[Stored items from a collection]
┌────────
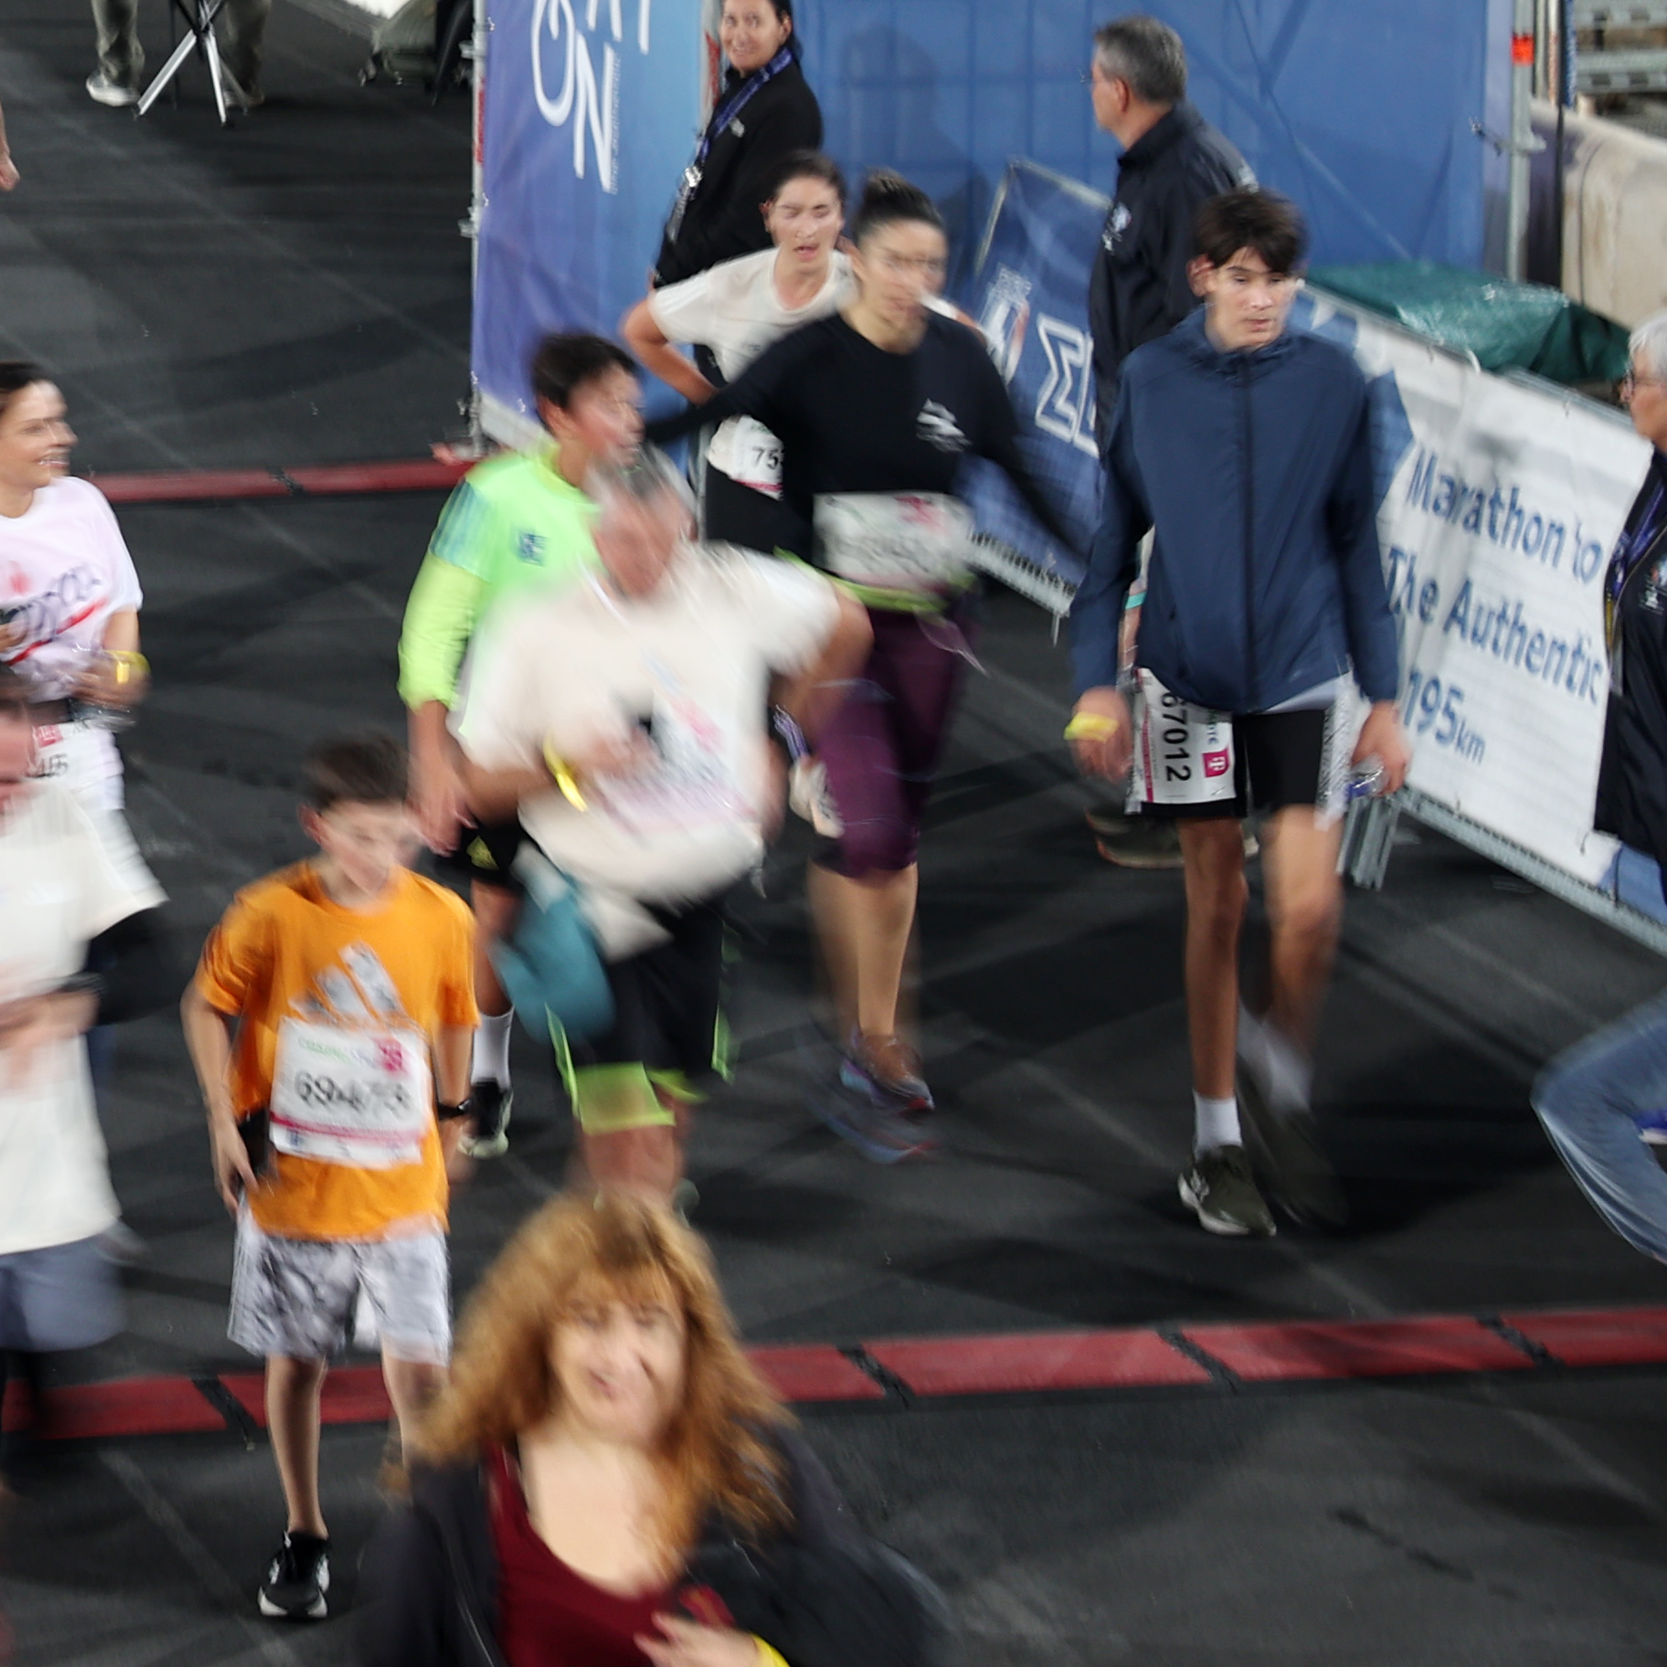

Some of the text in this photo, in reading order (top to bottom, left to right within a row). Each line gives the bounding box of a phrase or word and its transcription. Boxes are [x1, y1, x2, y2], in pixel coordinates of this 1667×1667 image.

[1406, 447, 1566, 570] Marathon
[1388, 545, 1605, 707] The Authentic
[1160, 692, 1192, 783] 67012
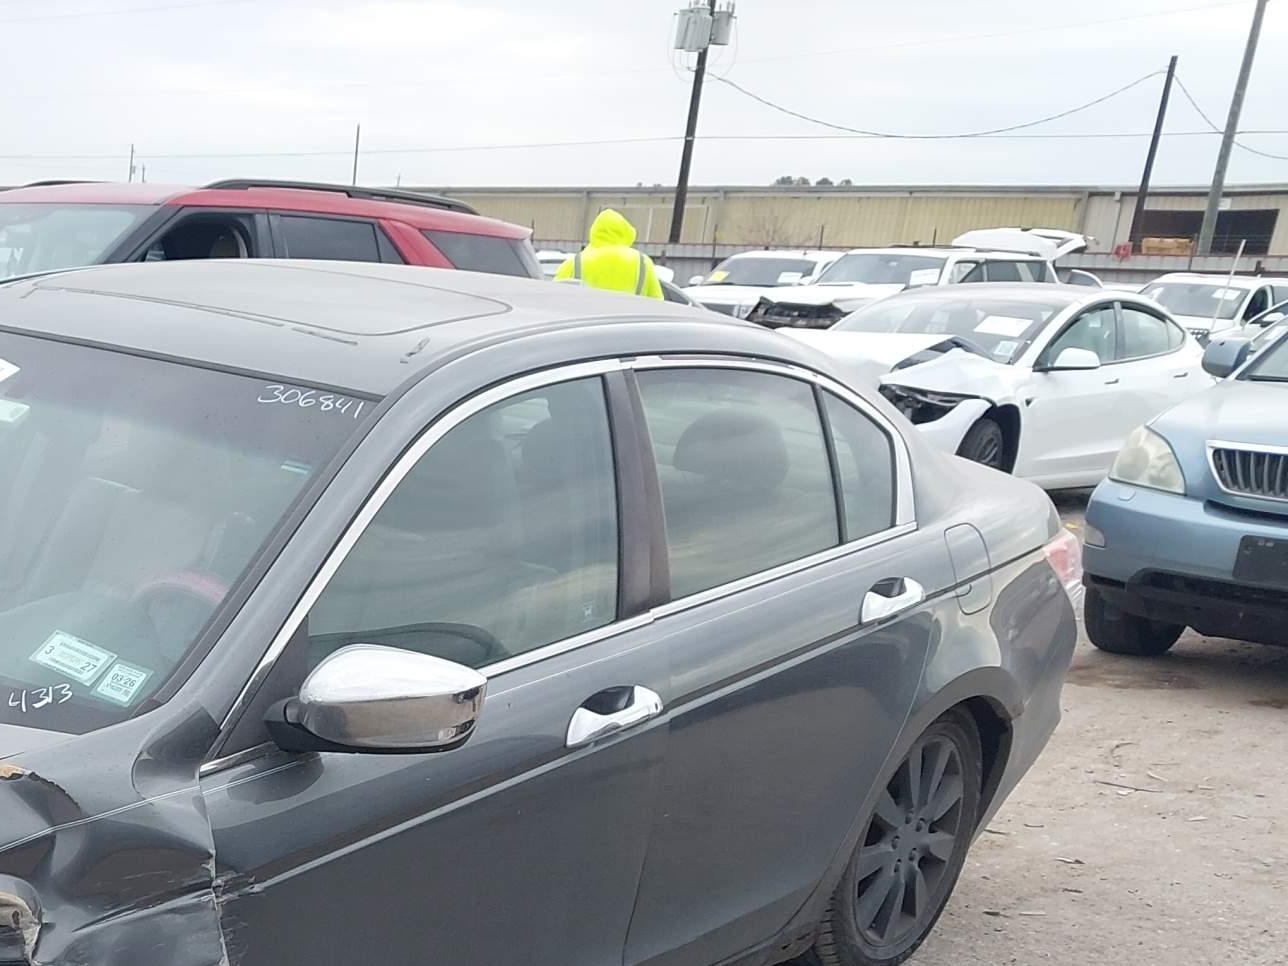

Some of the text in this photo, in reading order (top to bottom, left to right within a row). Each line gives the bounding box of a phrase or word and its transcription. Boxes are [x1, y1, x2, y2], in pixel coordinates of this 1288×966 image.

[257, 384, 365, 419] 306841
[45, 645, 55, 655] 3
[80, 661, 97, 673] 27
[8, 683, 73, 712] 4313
└────────
*To do*. Skipping any images, write out all the data exactly.

*Written solution*.
Some of the text in this photo, in reading order (top to bottom, left to right within a row). Each line gives the bounding box of a phrase or word and its transcription. Boxes are [x1, y1, x2, y2], in pixel coordinates of this 1667×1667 image.

[1406, 447, 1566, 570] Marathon
[1388, 545, 1605, 707] The Authentic
[1160, 692, 1192, 783] 67012

Some of the text in this photo, in reading order (top to bottom, left to right within a row). Each line gives the bounding box of a phrase or word and its transcription. Boxes are [x1, y1, x2, y2], in pixel coordinates of this 1288×966 image.

[257, 384, 365, 419] 306841
[45, 645, 55, 655] 3
[80, 661, 97, 673] 27
[8, 683, 73, 712] 4313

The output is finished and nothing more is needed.